Hocktide in Hungerford
is one of the best known of all ancient English ceremonies still taking place in the twenty-first century. It is thought that it is only in Hungerford that this festival continues to be marked and celebrated.
Follow these links for a brief Tutti-Day Schedule,
or a video of the Bellman summoning the Commoners to Court.
See also: Hocktide Photo Gallery.
What's it all about?
Hocktide is a two-week long festival following Easter. The most well-known day is Tutti-Day
(also known as Hock Tuesday or Hockney Day), and the chief event of Tutti-Day is the holding of the Hocktide Court.
There are a number of other functions and events that take place through the fortnight, including Ale-Tasting and the Commoners' Luncheon.
Origins of Hocktide:
The origins of Hocktide are early medieval – and probably arise from "tourns" or sheriff's (shire-reave's) courts.
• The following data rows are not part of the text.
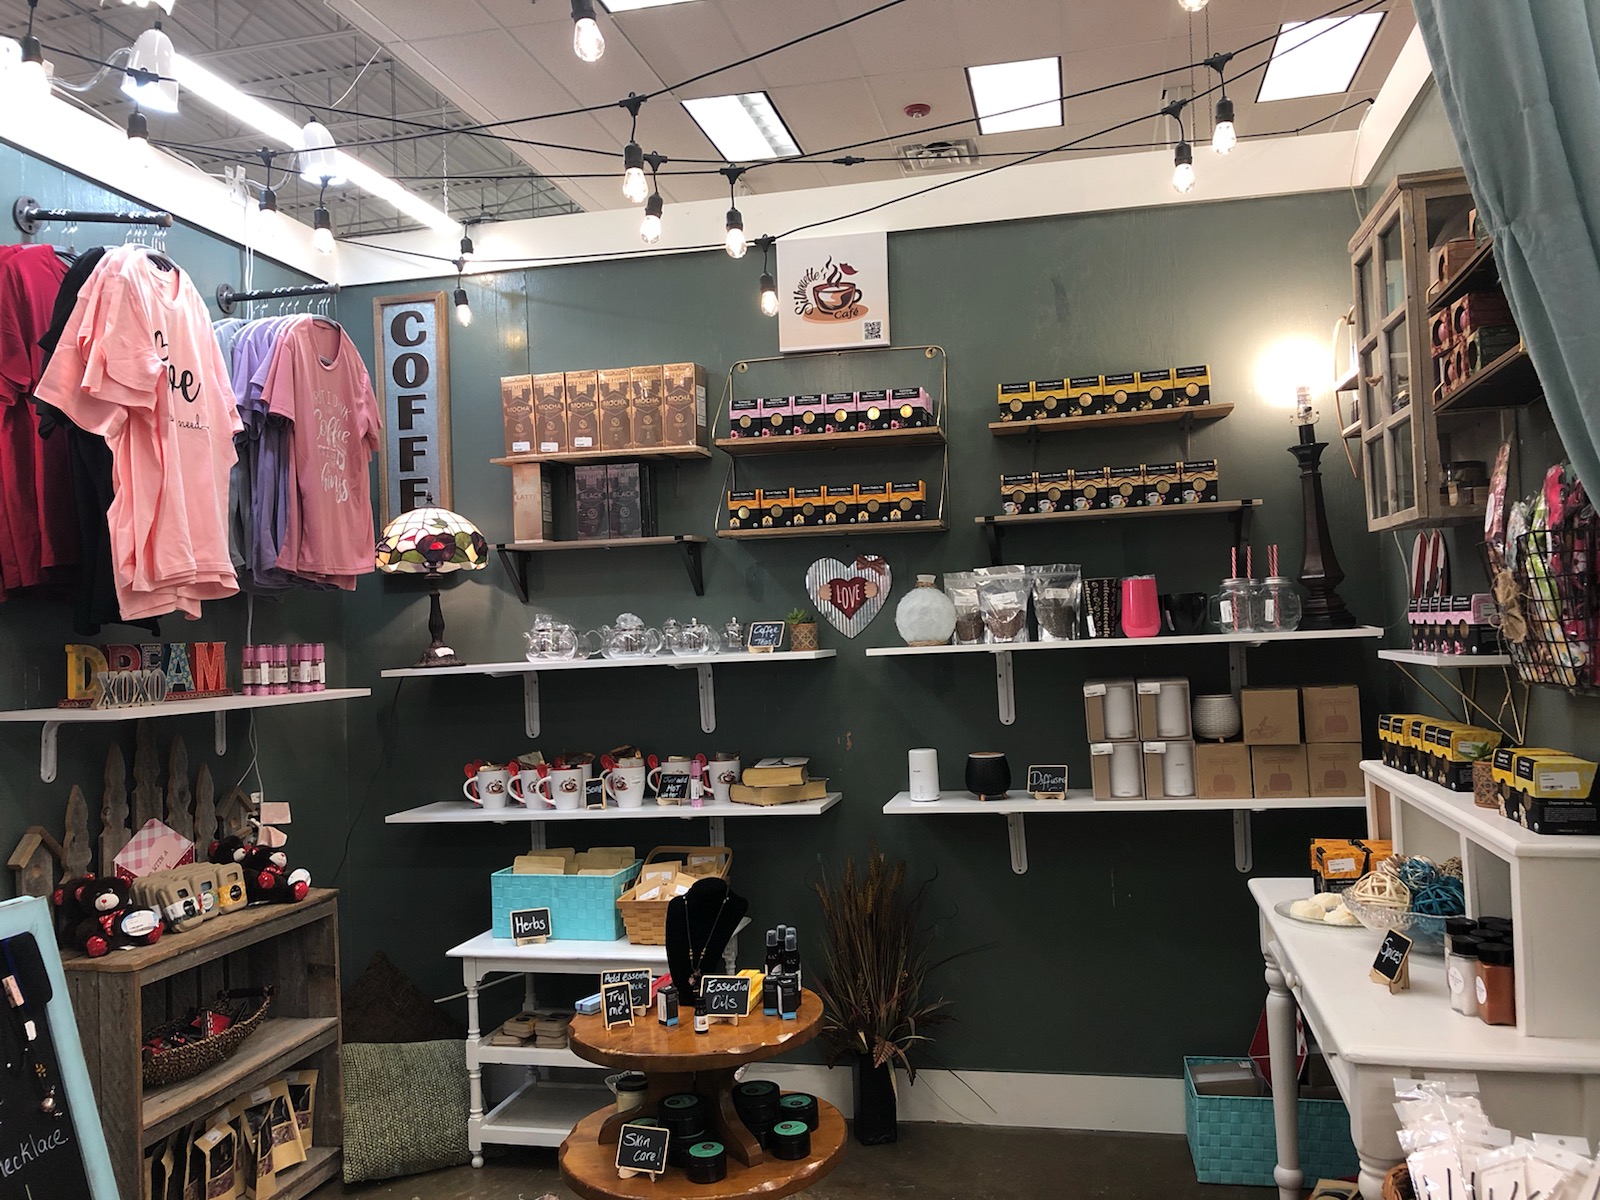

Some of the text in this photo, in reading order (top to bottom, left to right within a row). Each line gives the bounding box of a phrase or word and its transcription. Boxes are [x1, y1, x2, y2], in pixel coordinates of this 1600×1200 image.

[834, 307, 859, 319] Café
[836, 584, 860, 609] LOVE
[754, 625, 779, 638] Coffee
[65, 642, 227, 700] DREAM
[97, 669, 166, 706] XOXO
[515, 916, 546, 934] Herbs
[1380, 937, 1403, 964] Spices
[604, 973, 621, 983] Add
[712, 994, 738, 1010] Oils
[623, 1133, 651, 1148] Skin
The shire-reave visited every town regularly, holding court often every three to four weeks, managing finance, property and misdemeanours.
This biggest court of the year was always held around Lady Day (25th March), when
the end of year accounts were presented. Lady Day marks the spring equinox (half-way mid summer -> mid-winter). In the Christian calendar it commemorates the Feasts of the
Annunciation; it preceded the birth of Christ by nine months. For the farming community, it was the first quarter-day (the others are Midsummer Day, Michaelmas Day and Christmas), the
time for the payment of rent and other manorial dues. Between 1190 and 1751 Lady Day was New Year's Day. Only when the Gregorian calendar was adopted in the UK in September 1752 in
place of the Julian calendar did New Year's Day revert to the Roman new year of 1st January. In the UK, the fiscal ("tax") year is still 5/6 April. (For more on Lady Day and
other important days in the year, see Rural Calendar)
(One (discredited) theory relates Hocktide to a medieval festival that may have
celebrated the massacre of the Danes in England or the death of Harthacanute in the 11th century. Traditionally the festivities consisted of a practice called binding: the men of the
parish tying up the women and demanding a kiss for their release. The next day the women would tie up the men and demand a payment before setting them free. The monies collected would
then be donated to the parish funds.)
The origin of the name Hocktide
is unclear. It has been suggested that it derives from the Saxon "Heah-tit" or "high festival". No trace of the word is found in Old English, and hock-day, its earliest use in composition, appears first in the 12th century.
So - the chief function of Tutti-Day is the holding of the Hocktide Court, but there are
a number of additional events held during the two weeks of Hocktide.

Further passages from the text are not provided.